#### Description of the task
Repeat all of the records exactly, leaving out the pictures.

====== Task data

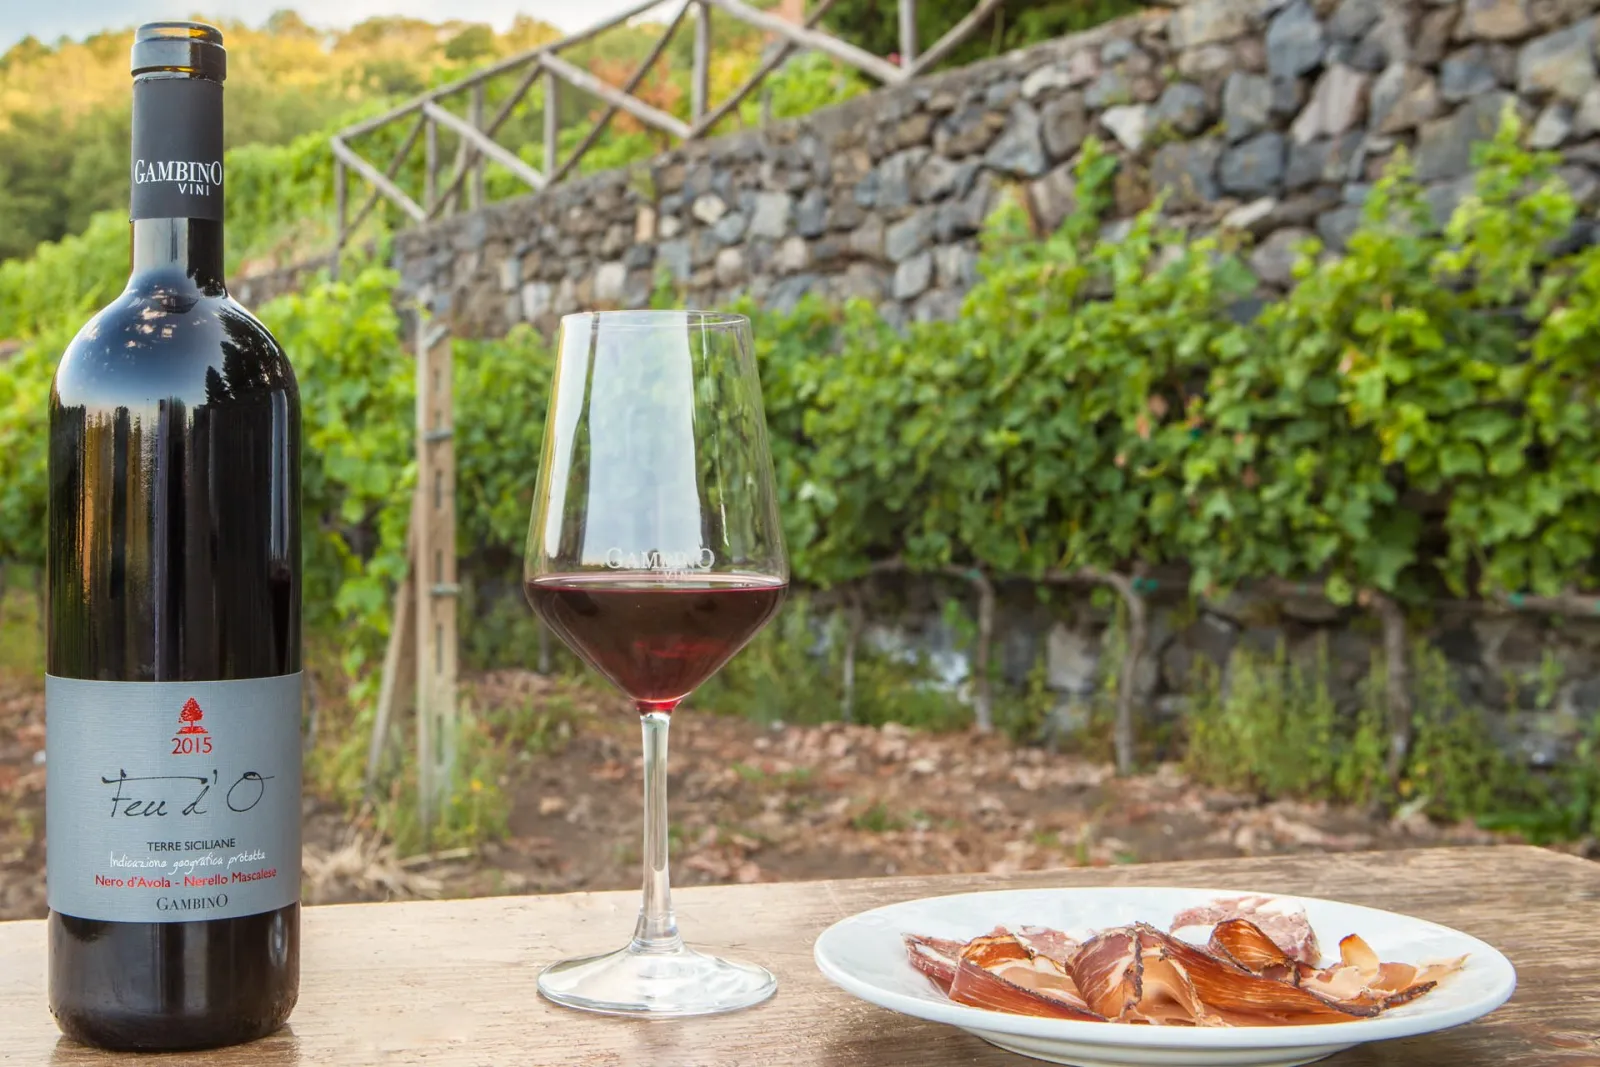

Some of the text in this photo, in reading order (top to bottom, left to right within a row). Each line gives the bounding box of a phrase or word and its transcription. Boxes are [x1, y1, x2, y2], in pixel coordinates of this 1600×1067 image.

[134, 159, 223, 186] GAMBINO
[178, 183, 210, 196] VINI
[171, 736, 213, 755] 2015
[101, 768, 208, 817] Feu
[147, 837, 236, 852] TERRE SICILIANE
[109, 849, 266, 875] Indicazione geografica protetta
[95, 874, 124, 888] Nero
[127, 876, 171, 889] d'Avola
[184, 875, 228, 887] Nerello
[231, 867, 277, 884] Mascalese
[156, 893, 229, 911] GAMBINO
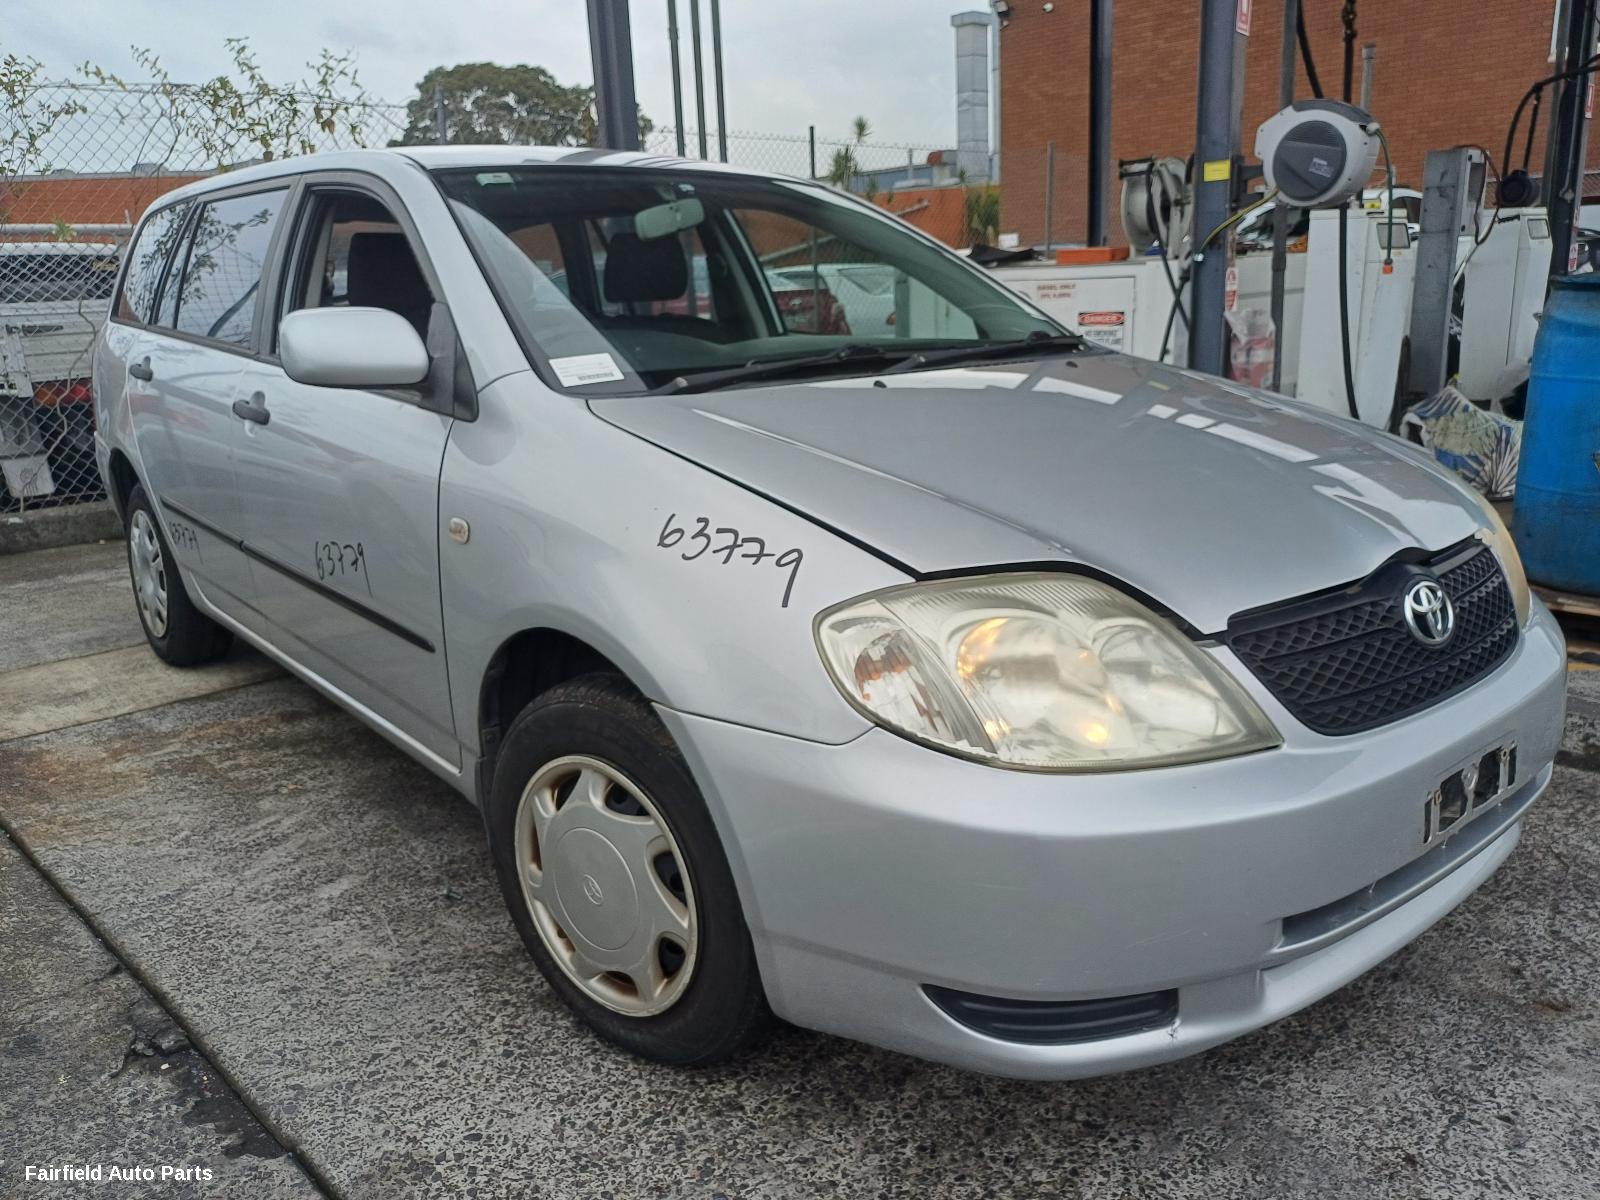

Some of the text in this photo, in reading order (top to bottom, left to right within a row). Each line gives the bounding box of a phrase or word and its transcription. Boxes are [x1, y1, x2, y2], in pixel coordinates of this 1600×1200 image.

[1085, 314, 1117, 323] DANGER
[315, 541, 373, 598] 63779
[656, 513, 804, 608] 63779

============

#### Answer section
Some of the text in this photo, in reading order (top to bottom, left to right within a row). Each line gives the bounding box of a phrase or word and its transcription. Boxes are [x1, y1, x2, y2], in pixel coordinates of this 1600×1067 image.

[134, 159, 223, 186] GAMBINO
[178, 183, 210, 196] VINI
[171, 736, 213, 755] 2015
[101, 768, 208, 817] Feu
[147, 837, 236, 852] TERRE SICILIANE
[109, 849, 266, 875] Indicazione geografica protetta
[95, 874, 124, 888] Nero
[127, 876, 171, 889] d'Avola
[184, 875, 228, 887] Nerello
[231, 867, 277, 884] Mascalese
[156, 893, 229, 911] GAMBINO

Some of the text in this photo, in reading order (top to bottom, left to right within a row). Each line gives the bounding box of a phrase or word and its transcription. Boxes are [x1, y1, x2, y2], in pixel coordinates of this 1600×1200 image.

[1085, 314, 1117, 323] DANGER
[315, 541, 373, 598] 63779
[656, 513, 804, 608] 63779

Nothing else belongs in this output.